El Principado reúne 59 obras de 37 autores para condensar más de 150 años de arte e identidad en la exposición Madre Asturias
- León y Escosura, Darío de Regoyos, Evaristo Valle y Nicanor Piñole son algunos de los pintores incluidos en la selección
- La muestra se podrá visitar hasta el 4 de octubre en la Sala Sabadell Herrero de Oviedo/Uviéu

La consejera de Cultura, Política Llingüística y Deporte, Vanessa Gutiérrez, ha inaugurado hoy la exposición Madre Asturias. De la España negra al arte de avanzada, una muestra impulsada en colaboración con el Banco Sabadell que invita a recorrer más de siglo y medio de historia para descubrir cómo el arte ayudó a construir la imagen y la identidad de la comunidad. A través de 59 obras de 37 artistas, propone una amplia mirada sobre la evolución de la comunidad y la labor del mundo artístico para interpretar y representar una sociedad en transformación.
Comisariada por Luis Feás y abierta al público hasta el 4 de octubre en la Sala Sabadell-Herrero, la exposición reúne obras realizadas entre 1860 y 2025 para mostrar el proceso de modernización artística desarrollado en el Principado. Además, da continuidad al ciclo iniciado con las exposiciones Una luz cambiante (2006) y Norte (2009), centrado en la reflexión sobre los orígenes y la identidad del arte asturiano.
Lejos de plantearse como una simple sucesión de autores y obras, Madre Asturias explora la forma en que el arte ha contribuido a construir una imagen propia de la comunidad. La minería, el mundo rural, la industrialización, la emigración o los conflictos sociales aparecen como algunos de los grandes temas que ayudan a entender la evolución del Principado.
Por primera vez, una única exposición reúne obras, artistas y corrientes que permiten seguir la construcción de la identidad visual y cultural asturiana a lo largo de más de 150 años. Desde el costumbrismo decimonónico hasta las propuestas más recientes, el recorrido muestra cómo los creadores fueron interpretando una sociedad cambiante y contribuyeron a definir algunos de los relatos culturales que todavía hoy forman parte de la Asturias contemporánea.

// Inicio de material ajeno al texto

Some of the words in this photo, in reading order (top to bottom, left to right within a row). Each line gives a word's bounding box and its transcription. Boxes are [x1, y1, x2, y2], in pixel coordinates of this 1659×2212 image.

La muestra es fruto de la colaboración entre el Gobierno de Asturias y Banco Sabadell, una alianza que ha permitido reunir fondos procedentes de instituciones públicas, colecciones privadas y entidades culturales de referencia para construir una de las panorámicas más completas realizadas hasta la fecha sobre la evolución del arte asturiano.

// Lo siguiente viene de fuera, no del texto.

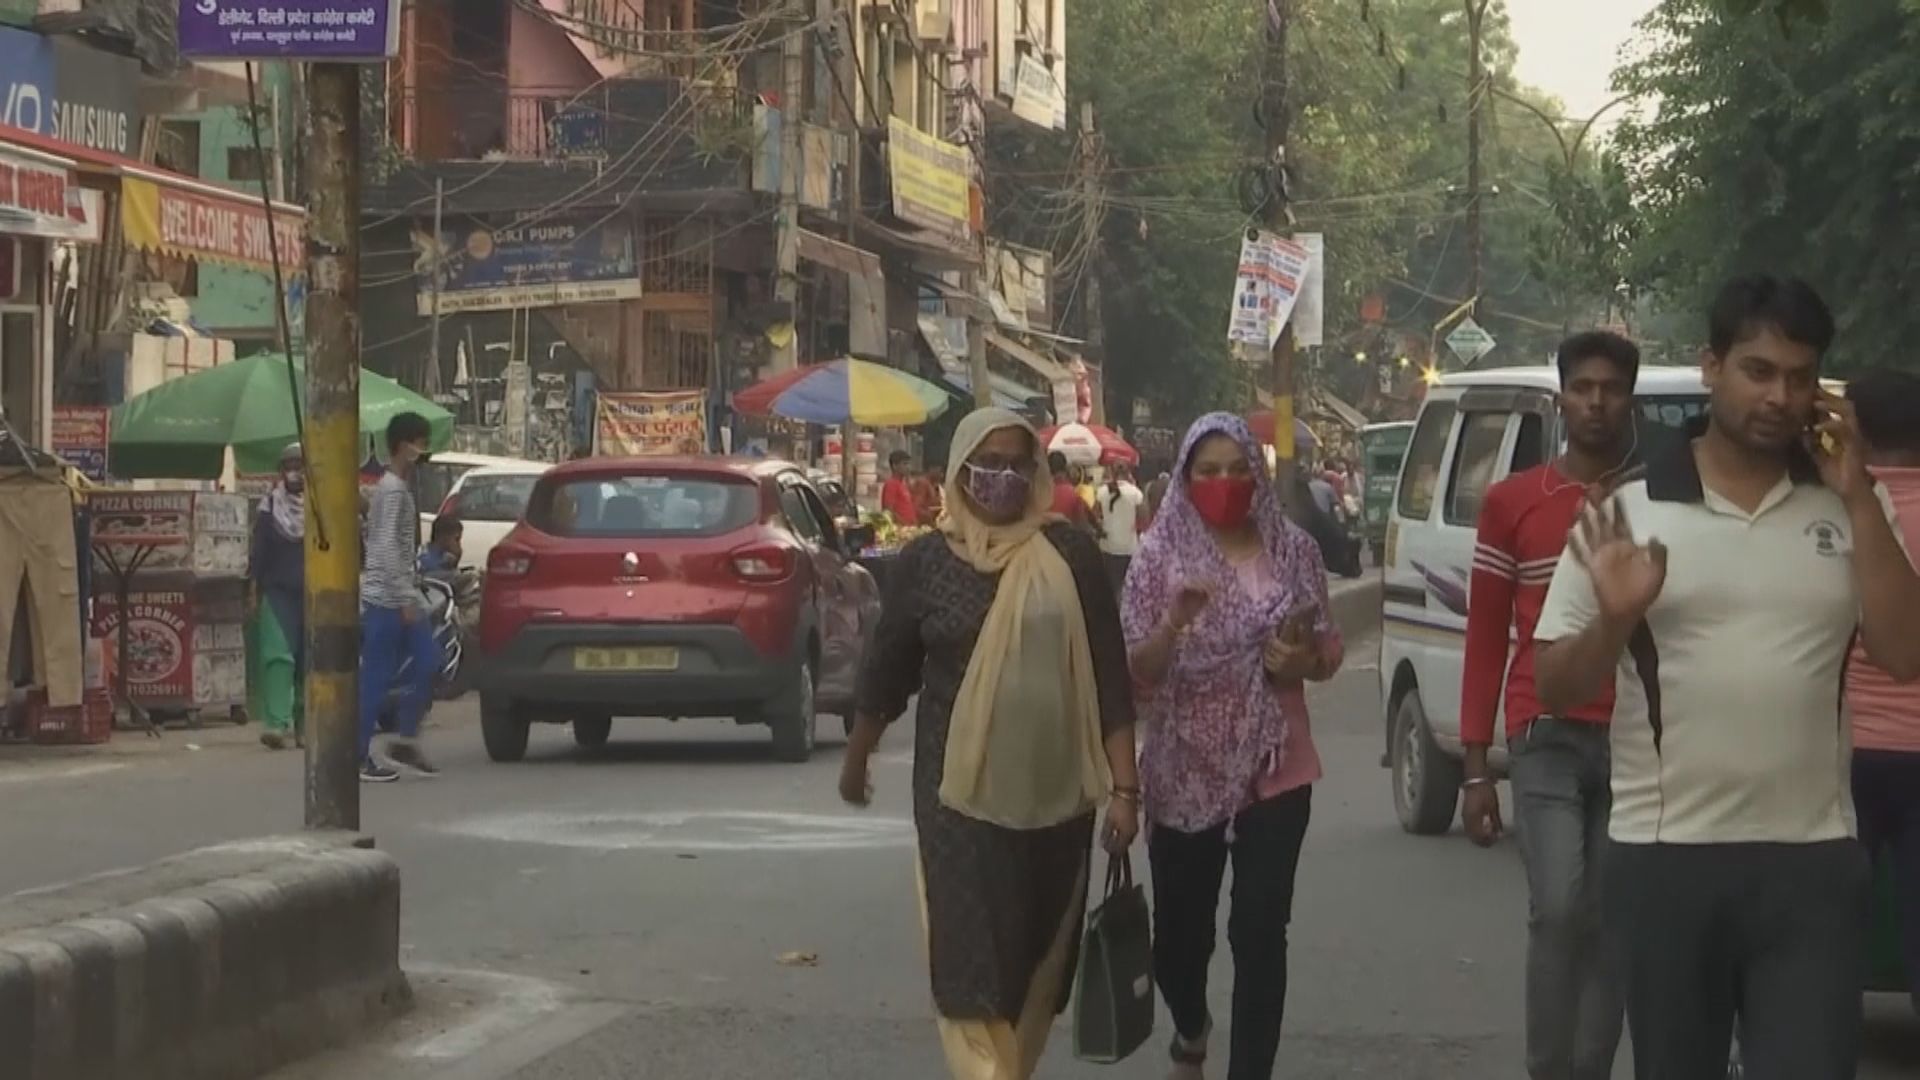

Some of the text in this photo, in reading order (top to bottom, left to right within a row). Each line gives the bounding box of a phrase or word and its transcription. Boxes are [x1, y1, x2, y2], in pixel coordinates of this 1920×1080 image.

[258, 7, 285, 24] दिल्ली
[287, 8, 310, 26] प्रदेश
[347, 7, 376, 25] कमेटी
[51, 99, 127, 152] SAMSUNG
[161, 198, 239, 250] WELCOME
[529, 226, 576, 241] PUMPS
[93, 495, 189, 512] PIZZA CORNER
[146, 592, 185, 604] SWEETS
[134, 606, 186, 632] CORNER

Las obras proceden de 27 colecciones e instituciones, entre ellas, del Banco Sabadell y Banco Santander, el Museo Nacional Centro de Arte Reina Sofía, el Museo de Bellas Artes de Bilbao, el Museo de Bellas Artes de Asturias, el Museo Casa Natal de Jovellanos, el Muséu del Pueblu d'Asturies y el Museo Antón de Candás, además de ayuntamientos, coleccionistas particulares y fondos familiares. La amplitud y diversidad de estos préstamos ha permitido reunir piezas poco habituales en los circuitos expositivos y ofrecer una visión excepcional de la evolución artística y cultural de Asturias.
La muestra abarca desde Día de fiesta (1860), de Ignacio León y Escosura, considerada la primera gran representación de tipos humanos realizada por un artista asturiano, hasta Mineros (2025), de Adrián Martínez González. Entre ambas se incluyen algunas de las figuras esenciales de la historia del arte asturiano y español, como Darío de Regoyos, Evaristo Valle, Nicanor Piñole, Ventura Álvarez Sala, Antón o Mariano Moré, junto con una destacada selección del cartelismo de la Guerra Civil y obras vinculadas a la minería, el mundo rural, la industrialización y los grandes procesos de transformación social.
Despedida a los novios
El Principado expone por primera vez el cuadro recientemente adquirido Despedida a los novios en Monasterio de Hermo (1897), de Luis Álvarez Catalá, lo que permitirá conocer desde las primeras representaciones costumbristas hasta las expresiones artísticas más contemporáneas, siempre en diálogo con los cambios sociales, económicos y culturales que marcaron cada época.
La obra representa una escena de despedida de novios en Monesteriu d'Ermu, localidad de Cangas del Narcea vinculada a la biografía del artista, y constituye uno de los testimonios más valiosos conservados sobre la cultura tradicional asturiana de finales del siglo XIX. Además de su calidad artística, destaca por su notable valor etnográfico y documental.
Esta muestra reivindica la aportación de los creadores asturianos a la historia del arte español y pone de relieve cómo, desde una posición alejada de los grandes centros de la época, Asturias fue capaz de desarrollar una vía propia de modernidad marcada por la renovación estética, el compromiso social y la experimentación.